Instructions to follow – What's wanted is each entry repeated verbatim, minus its images.

[Opening Dataset section]

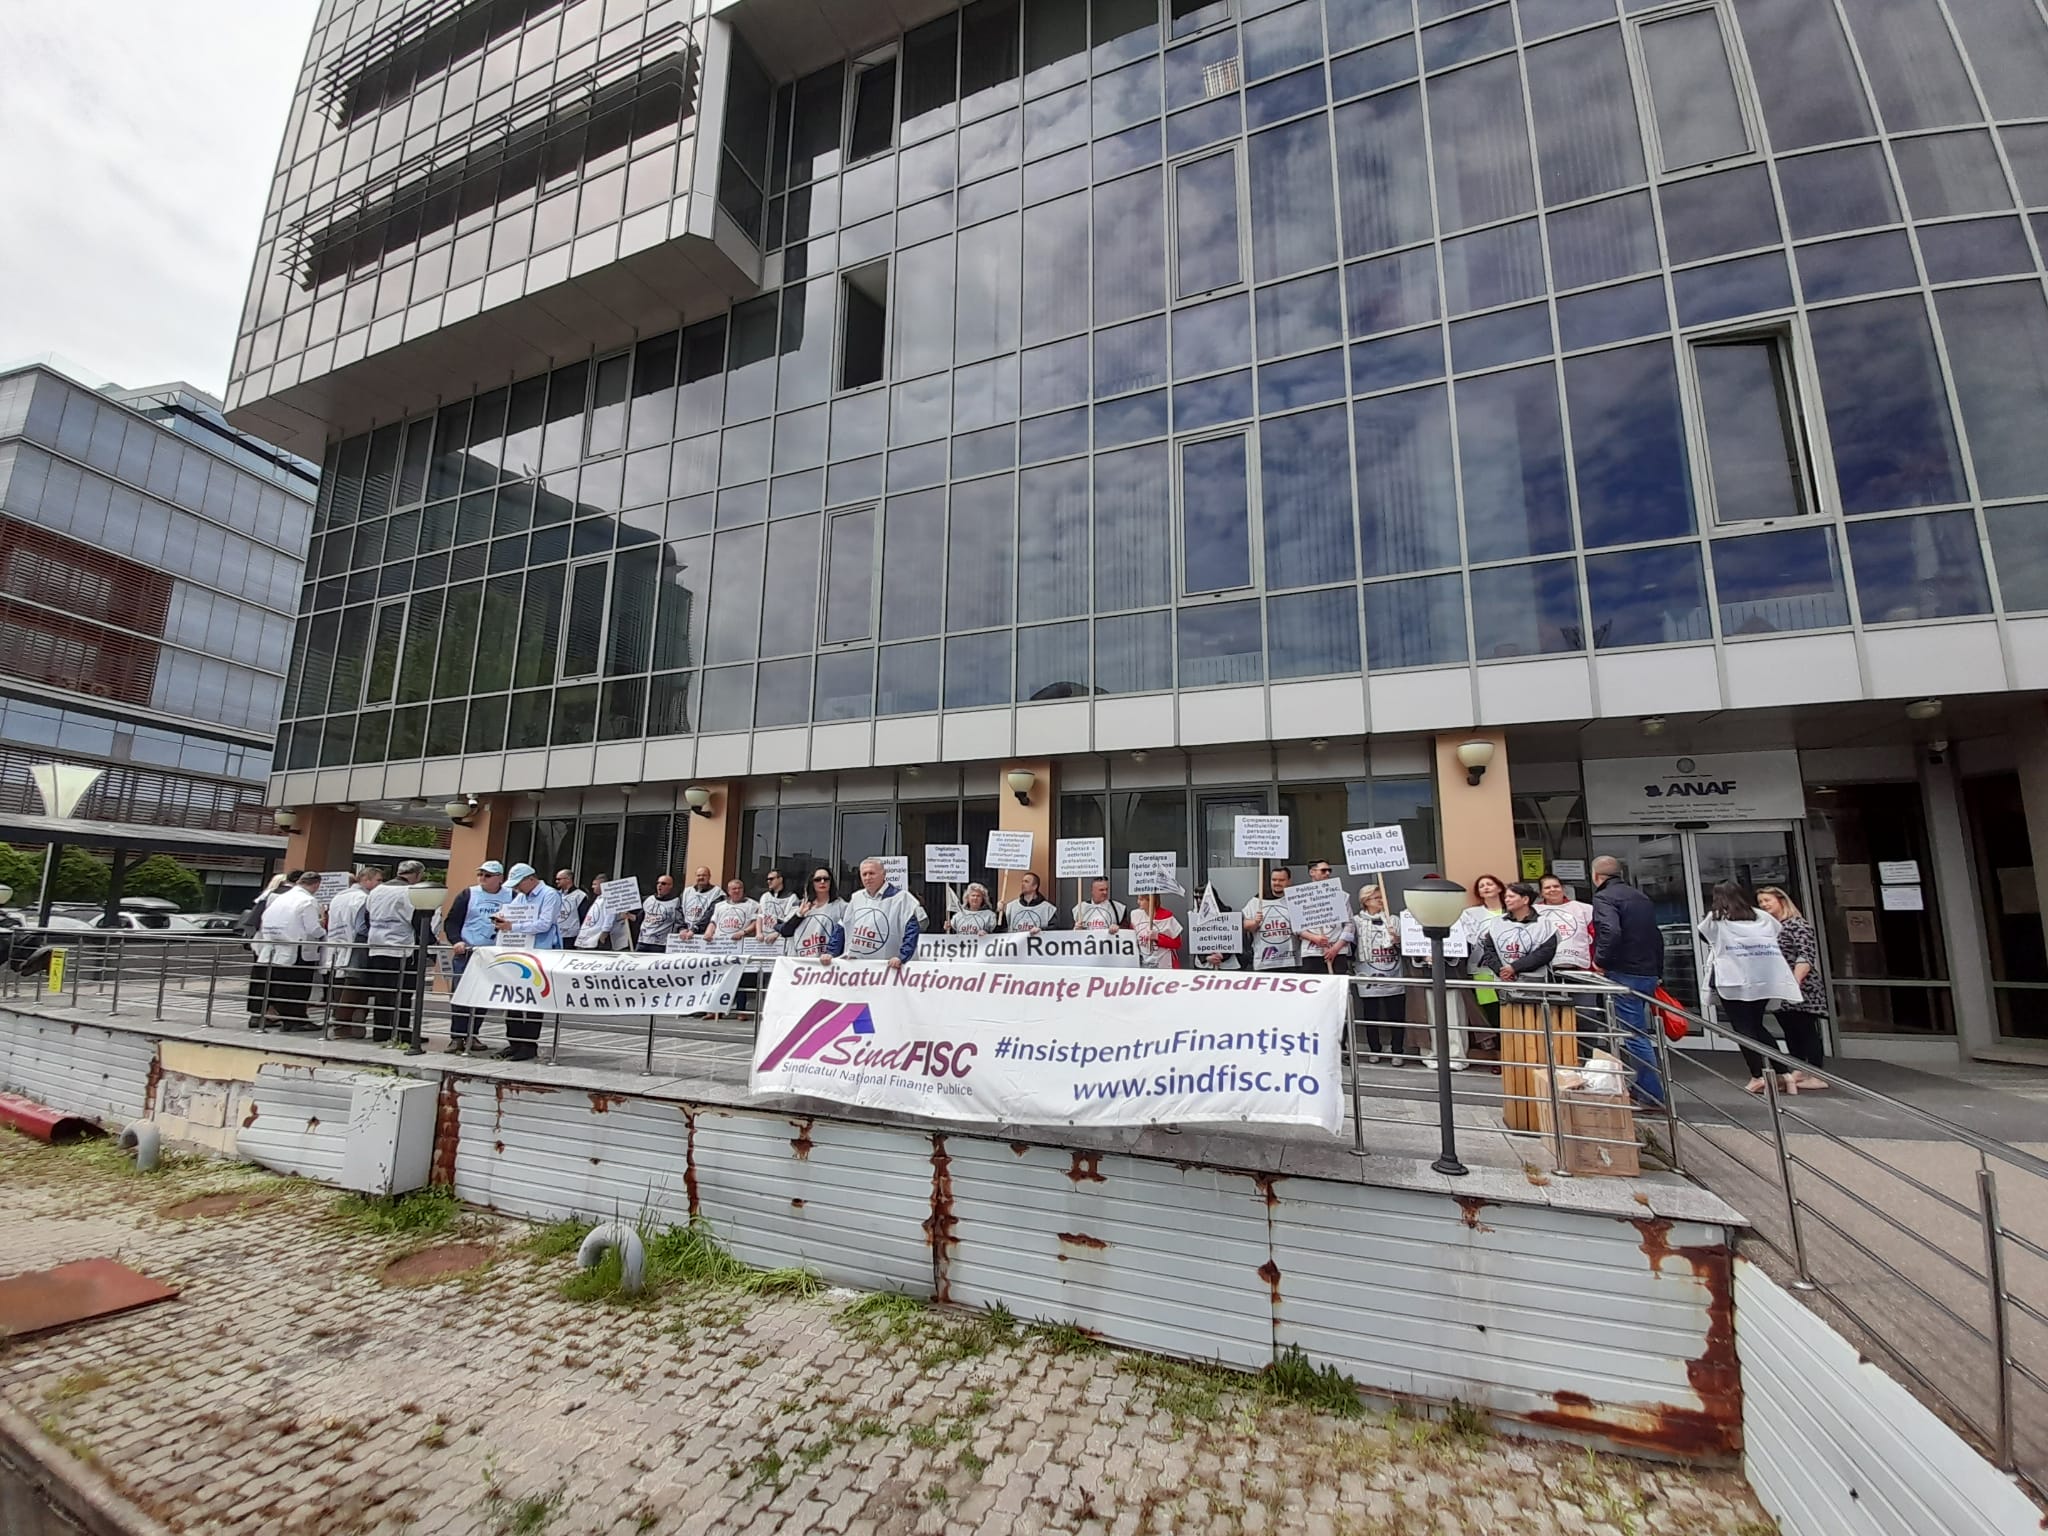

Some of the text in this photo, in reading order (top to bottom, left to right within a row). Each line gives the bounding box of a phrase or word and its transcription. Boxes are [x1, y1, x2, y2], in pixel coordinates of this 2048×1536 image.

[1666, 781, 1736, 797] ANAF
[1385, 830, 1398, 838] de
[1347, 844, 1404, 857] finanțe, nu
[1350, 858, 1406, 872] simulacru!
[1214, 915, 1229, 923] cții
[1264, 920, 1287, 930] alfa
[1192, 924, 1230, 933] specifice,
[802, 932, 826, 947] alfa
[919, 934, 1135, 961] nțiștii din România
[1196, 944, 1235, 952] specifice!
[572, 970, 724, 991] a Sindicatelor din
[791, 965, 891, 988] Sindicatul
[1087, 974, 1321, 998] Publice-SindFISC
[489, 985, 537, 1005] FNSA
[820, 1035, 978, 1079] SindFISC
[781, 1061, 838, 1078] Sindicatul
[937, 1079, 973, 1096] Publice
[1073, 1064, 1320, 1101] www.sindfisc.ro
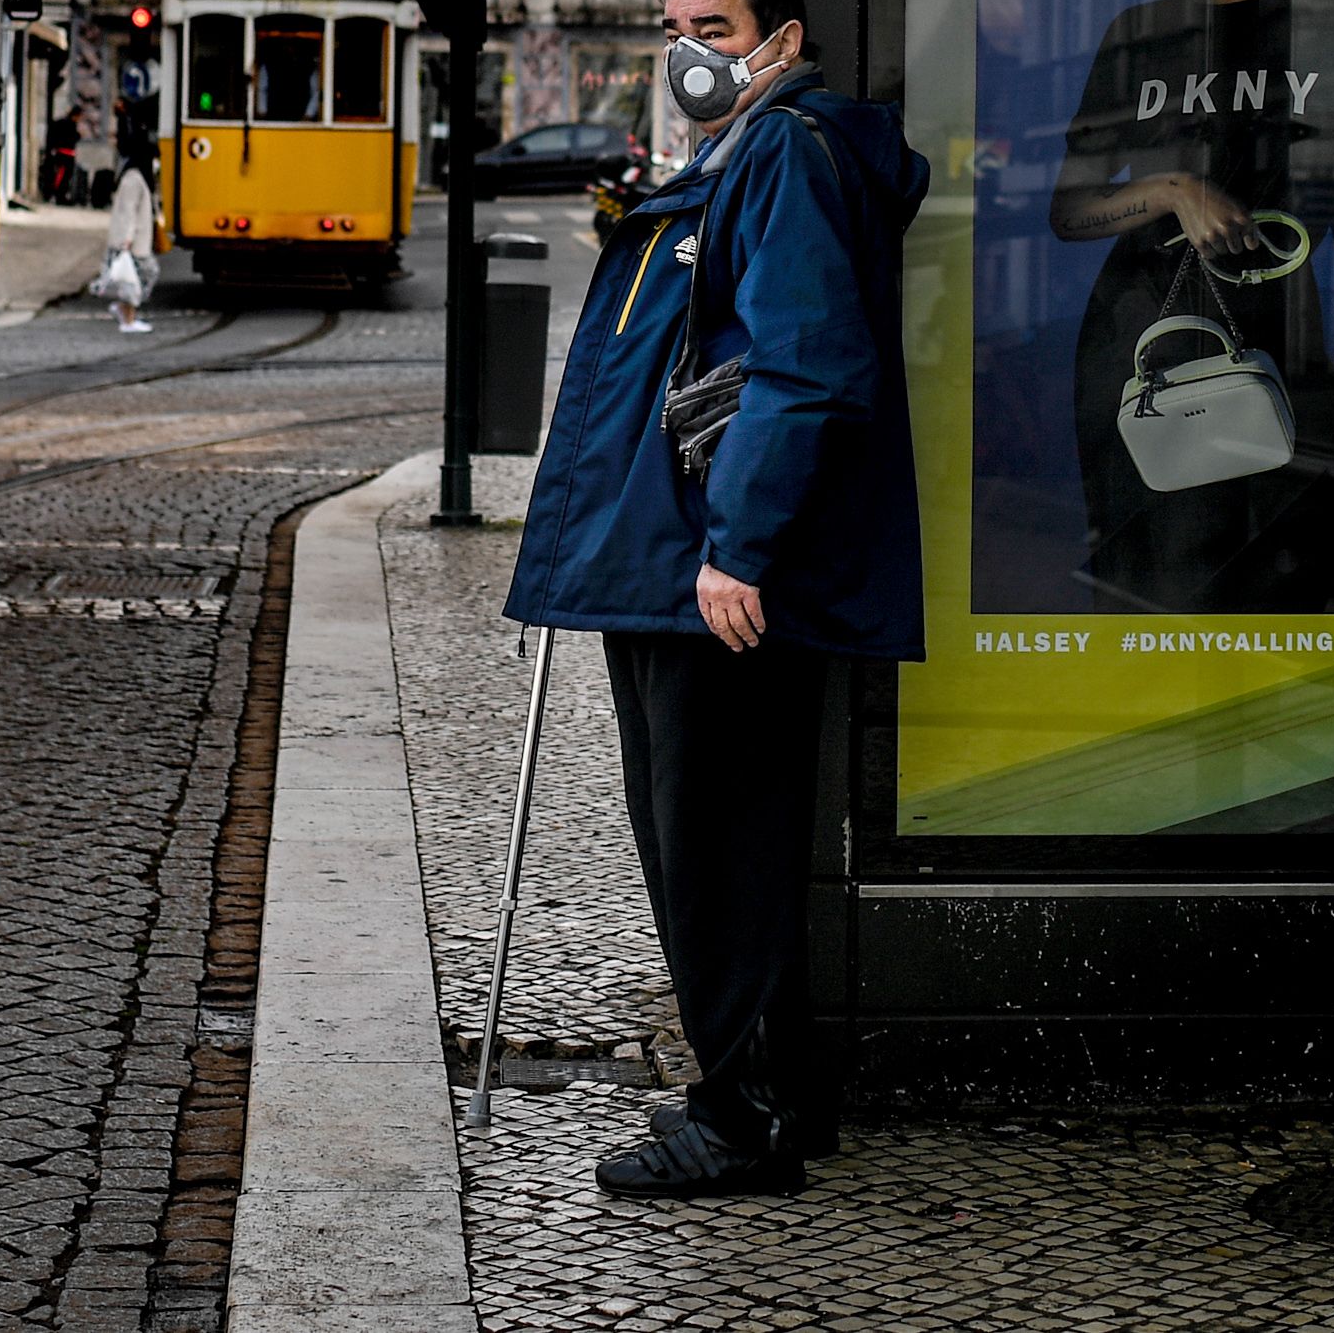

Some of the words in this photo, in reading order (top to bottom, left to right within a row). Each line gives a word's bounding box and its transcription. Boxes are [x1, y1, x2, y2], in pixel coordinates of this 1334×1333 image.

[Closing Dataset section]

Written reply –
Some of the text in this photo, in reading order (top to bottom, left to right within a row). Each line gives the bounding box of a phrase or word and its transcription. Boxes are [x1, y1, x2, y2], in pixel coordinates of this 2048×1536 image.

[1666, 781, 1736, 797] ANAF
[1385, 830, 1398, 838] de
[1347, 844, 1404, 857] finanțe, nu
[1350, 858, 1406, 872] simulacru!
[1214, 915, 1229, 923] cții
[1264, 920, 1287, 930] alfa
[1192, 924, 1230, 933] specifice,
[802, 932, 826, 947] alfa
[919, 934, 1135, 961] nțiștii din România
[1196, 944, 1235, 952] specifice!
[572, 970, 724, 991] a Sindicatelor din
[791, 965, 891, 988] Sindicatul
[1087, 974, 1321, 998] Publice-SindFISC
[489, 985, 537, 1005] FNSA
[820, 1035, 978, 1079] SindFISC
[781, 1061, 838, 1078] Sindicatul
[937, 1079, 973, 1096] Publice
[1073, 1064, 1320, 1101] www.sindfisc.ro

Some of the words in this photo, in reading order (top to bottom, left to right within a row). Each line gives a word's bounding box and its transcription. Boxes are [x1, y1, x2, y2], in pixel coordinates of this 1334×1333 image.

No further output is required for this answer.